To Lauren, the Morrigan said "Leave." Then, almost as a concession to the Ash, "Try not to play in traffic."
Lauren kept her eyes on her boss.
The Ash gave the faintest of nods - sufficient to dismiss Lauren from the room. He looked up at the Morrigan when Lauren walked out from his office. "Once more, you have entered uninvited," he said.
"Yet again, circumstances," the Morrigan replied.
"When do circumstances dictate to you?"
"When the circumstances are our superiors calling us to task."
The Ash nodded: that was a good reason to break a lifetime's habit. "Where will the summons place us?"
"Dead, if I, you, or Bo displease them."
"Naturally.
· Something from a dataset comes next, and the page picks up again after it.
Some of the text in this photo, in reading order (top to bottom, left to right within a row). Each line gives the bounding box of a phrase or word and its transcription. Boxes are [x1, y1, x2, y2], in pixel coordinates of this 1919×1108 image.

And the location of the disciplinary?"
"I happen to know you'll love it," the Morrigan said with a smile.
~~
MEANWHILES...
"It's nowhere, Dr. Rosen," Gary said. "No caches, no uploads or downloads, no Youtube."
"It makes no sense," Dr. Rosen said. His testimony about the Alphas, about the prospect of an impending war, about the secret prisons for Alphas - it had vanished from the face of the Earth. "Who would do it?"
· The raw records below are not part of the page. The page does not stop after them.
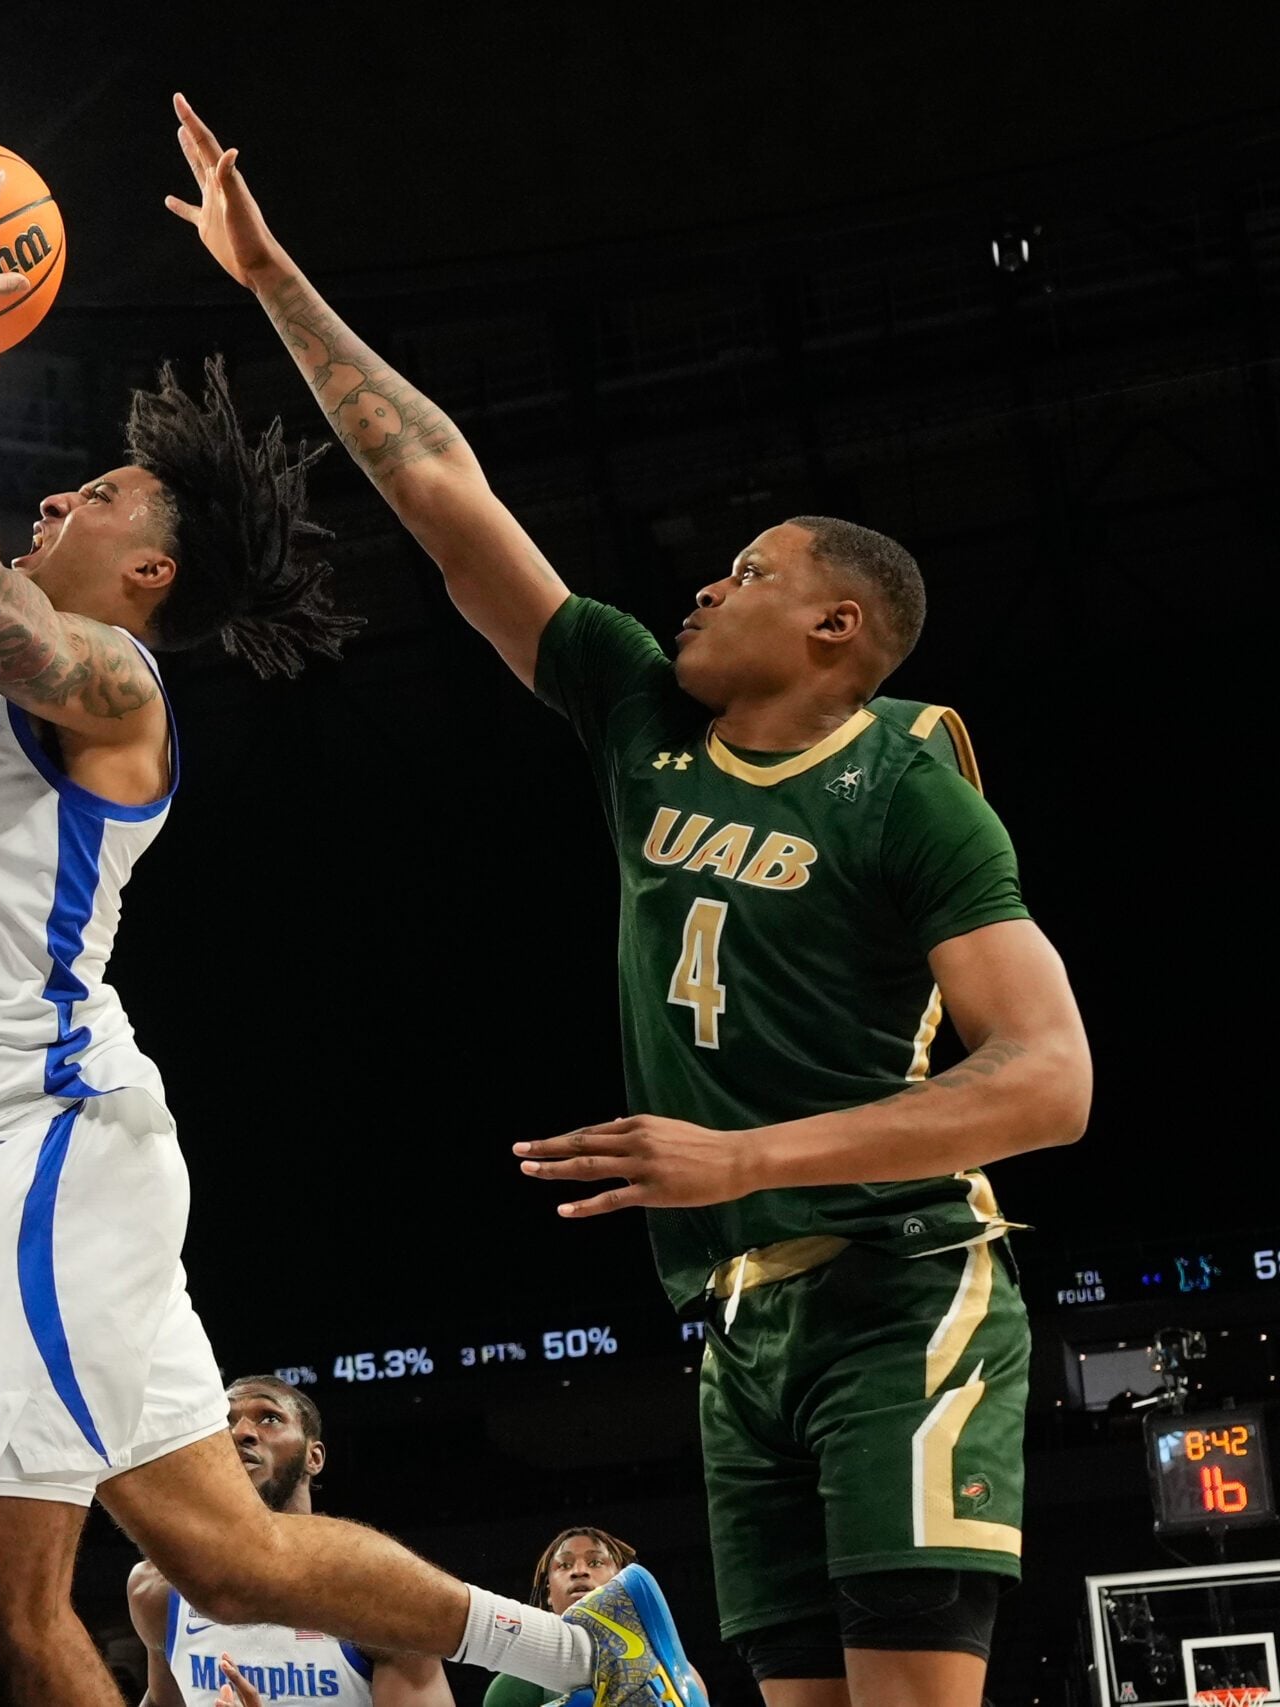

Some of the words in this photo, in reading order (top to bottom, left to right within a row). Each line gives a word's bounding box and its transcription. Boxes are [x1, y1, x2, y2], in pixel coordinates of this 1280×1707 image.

[644, 806, 818, 890] UAB
[667, 896, 728, 1050] 4
[1074, 1270, 1103, 1286] TOL
[1254, 1250, 1280, 1280] 5
[1057, 1286, 1106, 1304] FOULS
[460, 1347, 476, 1366] 3
[481, 1342, 526, 1364] PT%
[543, 1326, 618, 1360] 50%
[681, 1322, 706, 1341] FT
[333, 1347, 434, 1382] 45.3%
[1185, 1426, 1248, 1461] 8:42
"Somebody who doesn't want you-know-who running Red Flag?" Hicks guessed.
"Which would mean he didn't kill all those who opposed him," Bill said, applying a cold compress to his head.
"Speaking us, how are you feeling, Bill?" Dr. Rosen asked.
"Like crap, still."
"Bill," Gary said.
"I know, I know, Gary, language."
"Yes, language. And bad language at that."
"It was weird," Hicks said. "We ambushed them - that suspected Red Flag and a friend... And the friend jumped on Bill, and... From where I was, doc, it looked like she planted a big wet one on Bill's head, and trying to suck out his brains."
"That's not possible," Gary said. "Also, language."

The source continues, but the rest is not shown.